_DATASET EXCERPTS_
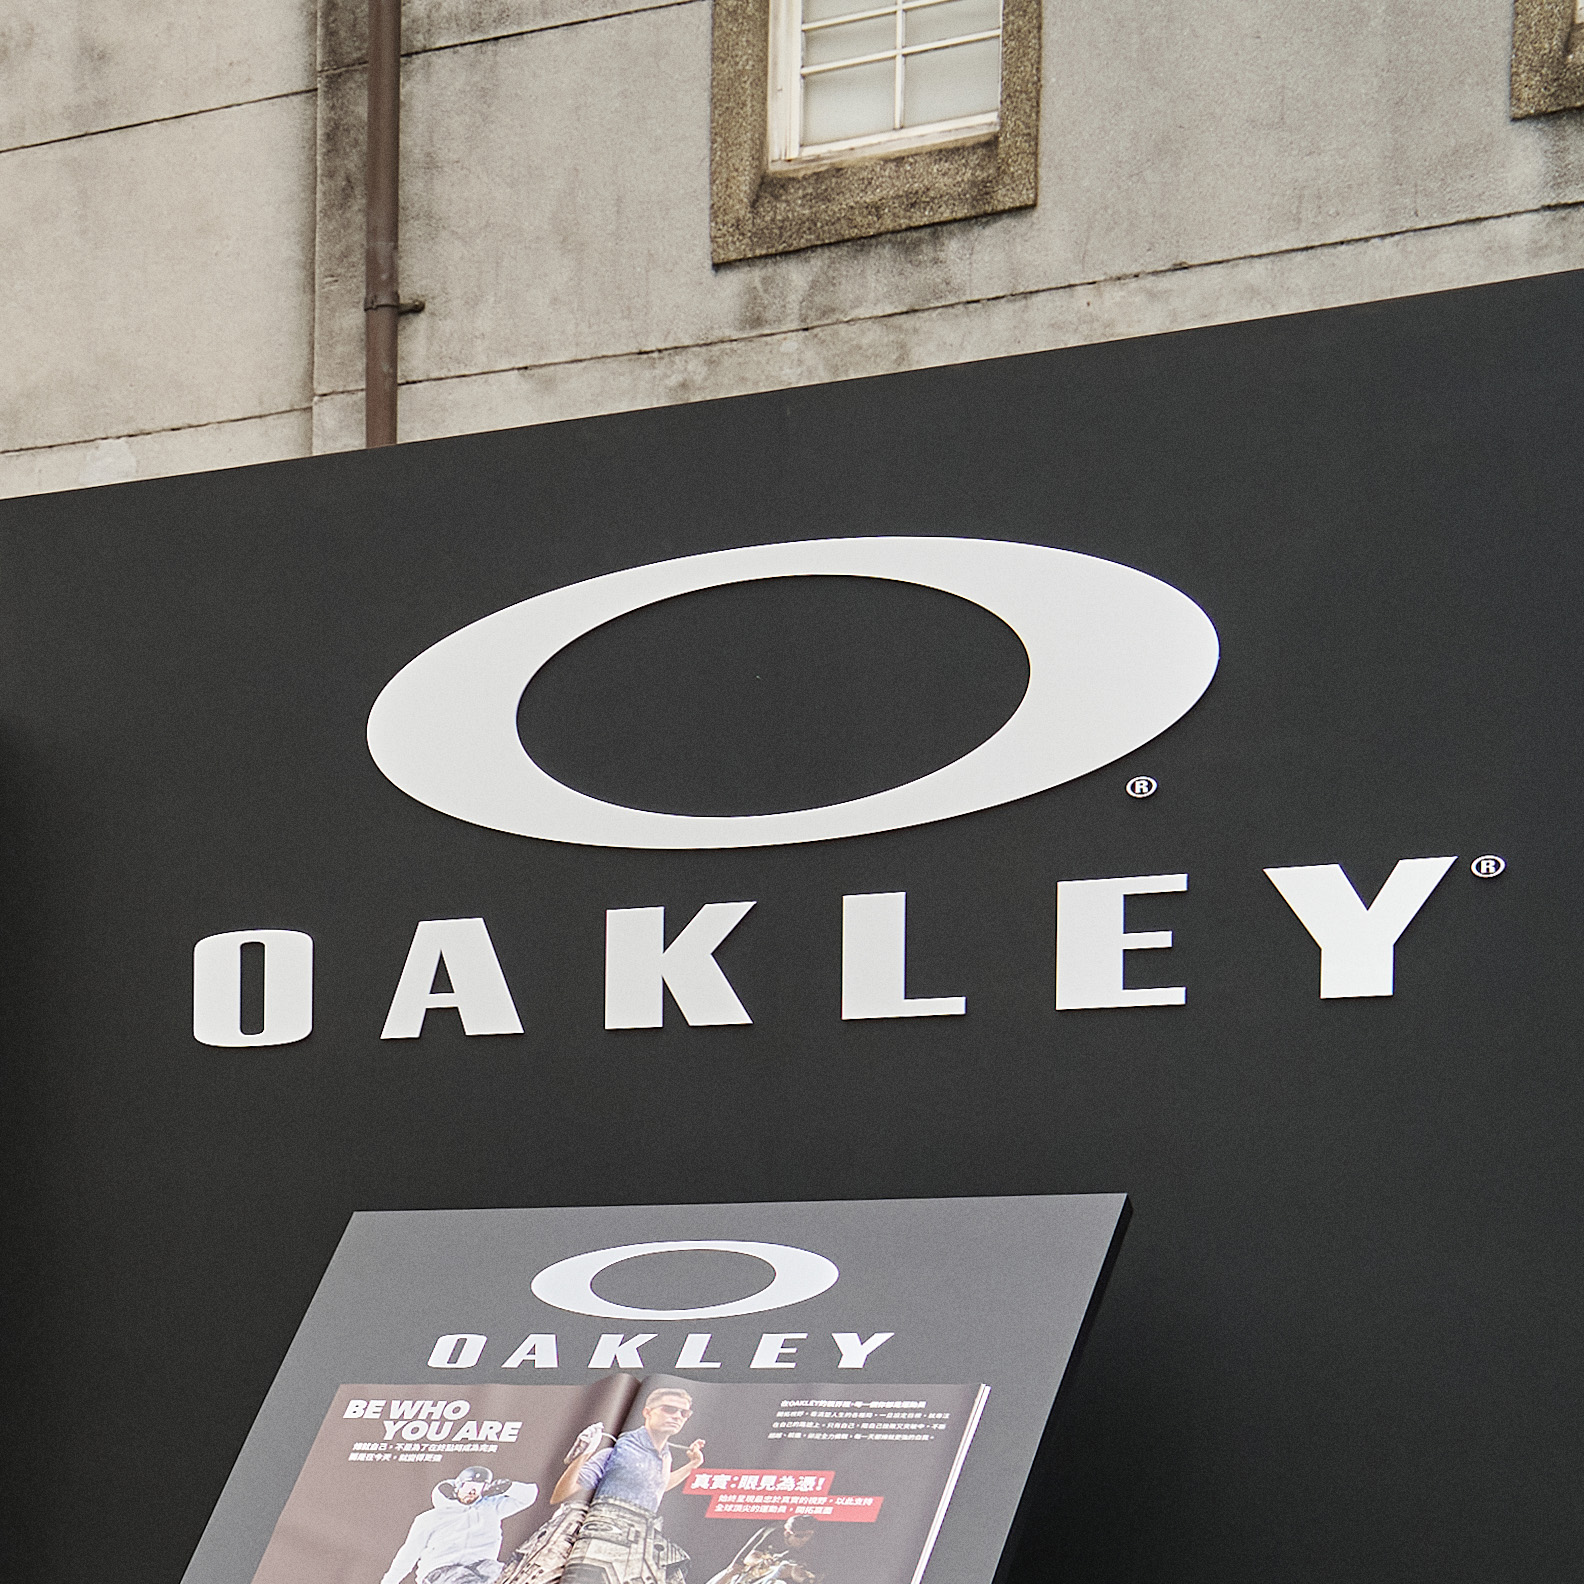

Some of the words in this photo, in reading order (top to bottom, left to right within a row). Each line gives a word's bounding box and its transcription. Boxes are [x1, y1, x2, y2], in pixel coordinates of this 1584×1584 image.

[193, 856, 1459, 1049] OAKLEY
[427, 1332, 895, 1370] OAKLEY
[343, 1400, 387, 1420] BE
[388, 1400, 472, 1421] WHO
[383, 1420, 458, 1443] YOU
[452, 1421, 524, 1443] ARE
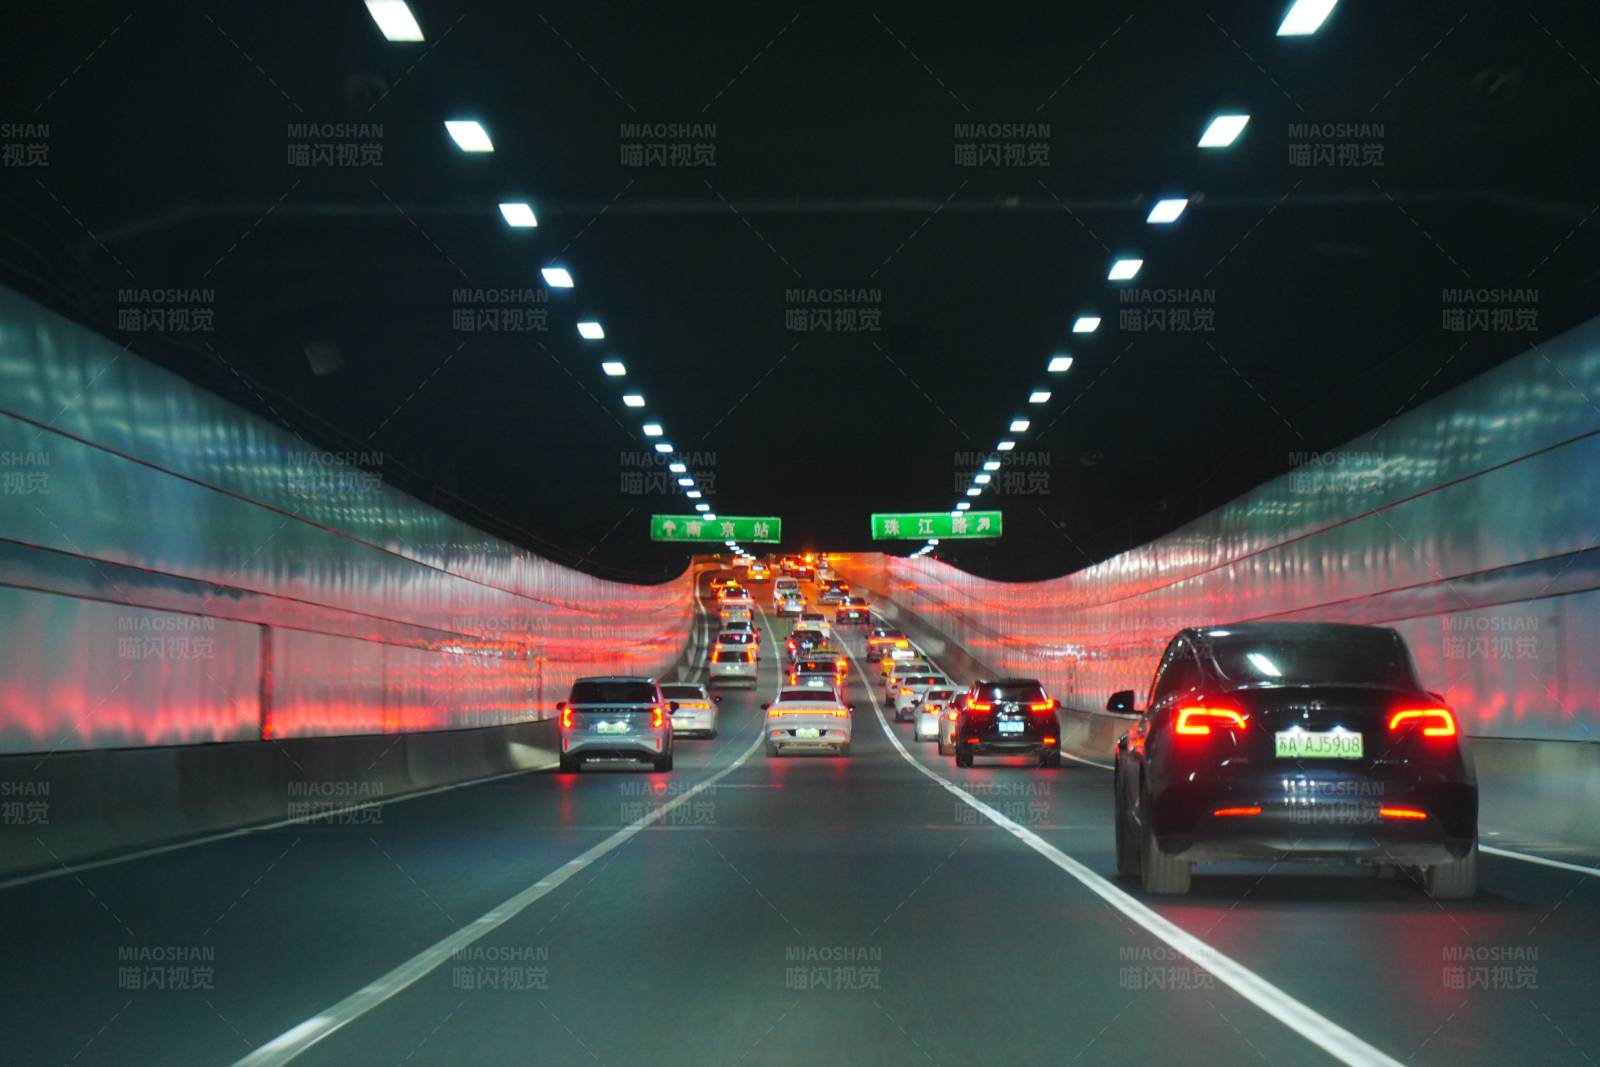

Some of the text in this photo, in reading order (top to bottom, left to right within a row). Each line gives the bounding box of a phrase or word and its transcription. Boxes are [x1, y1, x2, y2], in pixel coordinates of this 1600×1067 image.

--

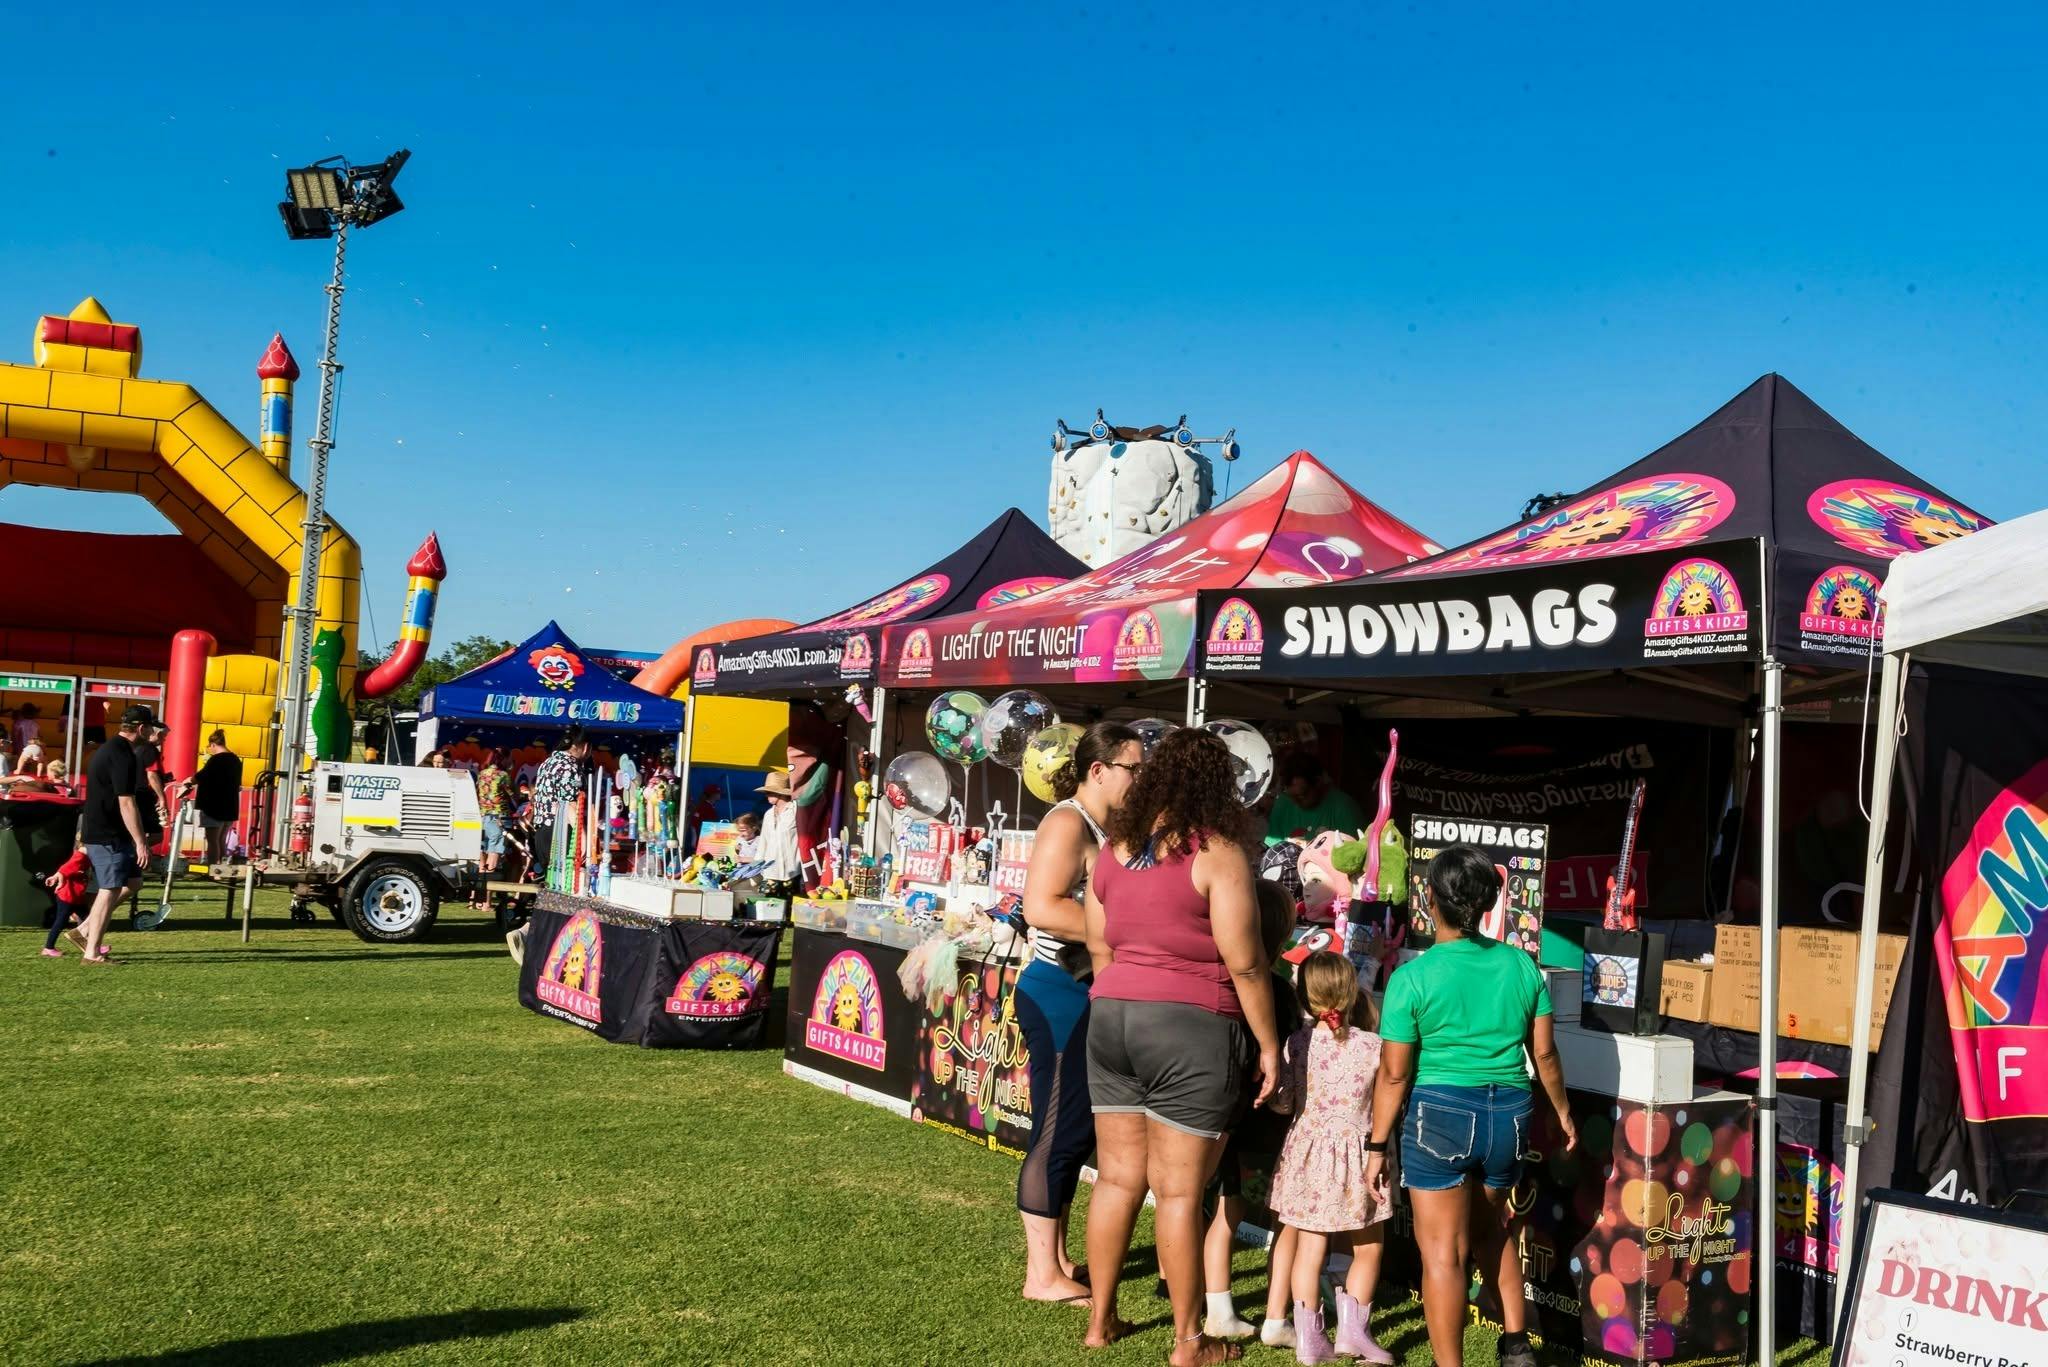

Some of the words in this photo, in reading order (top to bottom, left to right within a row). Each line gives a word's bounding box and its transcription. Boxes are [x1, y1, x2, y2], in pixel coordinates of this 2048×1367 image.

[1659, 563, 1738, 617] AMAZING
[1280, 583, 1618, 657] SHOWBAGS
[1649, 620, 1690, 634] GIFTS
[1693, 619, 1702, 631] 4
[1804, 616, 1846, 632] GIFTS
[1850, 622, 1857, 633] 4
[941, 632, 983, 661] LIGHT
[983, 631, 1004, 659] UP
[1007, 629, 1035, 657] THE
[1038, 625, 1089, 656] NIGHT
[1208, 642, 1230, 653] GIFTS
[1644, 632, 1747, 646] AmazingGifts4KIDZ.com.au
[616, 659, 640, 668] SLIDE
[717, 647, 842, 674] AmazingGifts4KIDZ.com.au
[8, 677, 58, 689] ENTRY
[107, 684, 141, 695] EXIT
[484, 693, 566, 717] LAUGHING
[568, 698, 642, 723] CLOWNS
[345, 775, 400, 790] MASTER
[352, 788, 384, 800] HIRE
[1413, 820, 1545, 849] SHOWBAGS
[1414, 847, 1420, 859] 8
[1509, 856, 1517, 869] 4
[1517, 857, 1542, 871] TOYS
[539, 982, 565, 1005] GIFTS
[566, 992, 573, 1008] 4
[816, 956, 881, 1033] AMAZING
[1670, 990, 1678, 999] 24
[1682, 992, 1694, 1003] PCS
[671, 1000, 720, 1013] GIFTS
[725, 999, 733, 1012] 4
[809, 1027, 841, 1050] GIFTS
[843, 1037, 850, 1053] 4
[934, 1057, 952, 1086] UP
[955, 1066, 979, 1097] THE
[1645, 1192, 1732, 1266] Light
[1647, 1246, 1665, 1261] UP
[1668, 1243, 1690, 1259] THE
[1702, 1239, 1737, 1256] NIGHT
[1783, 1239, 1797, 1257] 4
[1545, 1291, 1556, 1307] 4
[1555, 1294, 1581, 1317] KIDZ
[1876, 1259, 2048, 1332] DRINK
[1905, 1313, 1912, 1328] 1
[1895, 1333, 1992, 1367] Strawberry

_EXERCISE DETAILS_
Copy only this from above: the line containing "this 1584×1584 image.", the line containing "Some of the text", and all lines between, printed exactly. Leave out the pictures.

_EXERCISE ANSWER_
Some of the words in this photo, in reading order (top to bottom, left to right within a row). Each line gives a word's bounding box and its transcription. Boxes are [x1, y1, x2, y2], in pixel coordinates of this 1584×1584 image.

[193, 856, 1459, 1049] OAKLEY
[427, 1332, 895, 1370] OAKLEY
[343, 1400, 387, 1420] BE
[388, 1400, 472, 1421] WHO
[383, 1420, 458, 1443] YOU
[452, 1421, 524, 1443] ARE

Some of the text in this photo, in reading order (top to bottom, left to right within a row). Each line gives the bounding box of a phrase or word and its transcription. Boxes are [x1, y1, x2, y2], in pixel coordinates of this 1600×1067 image.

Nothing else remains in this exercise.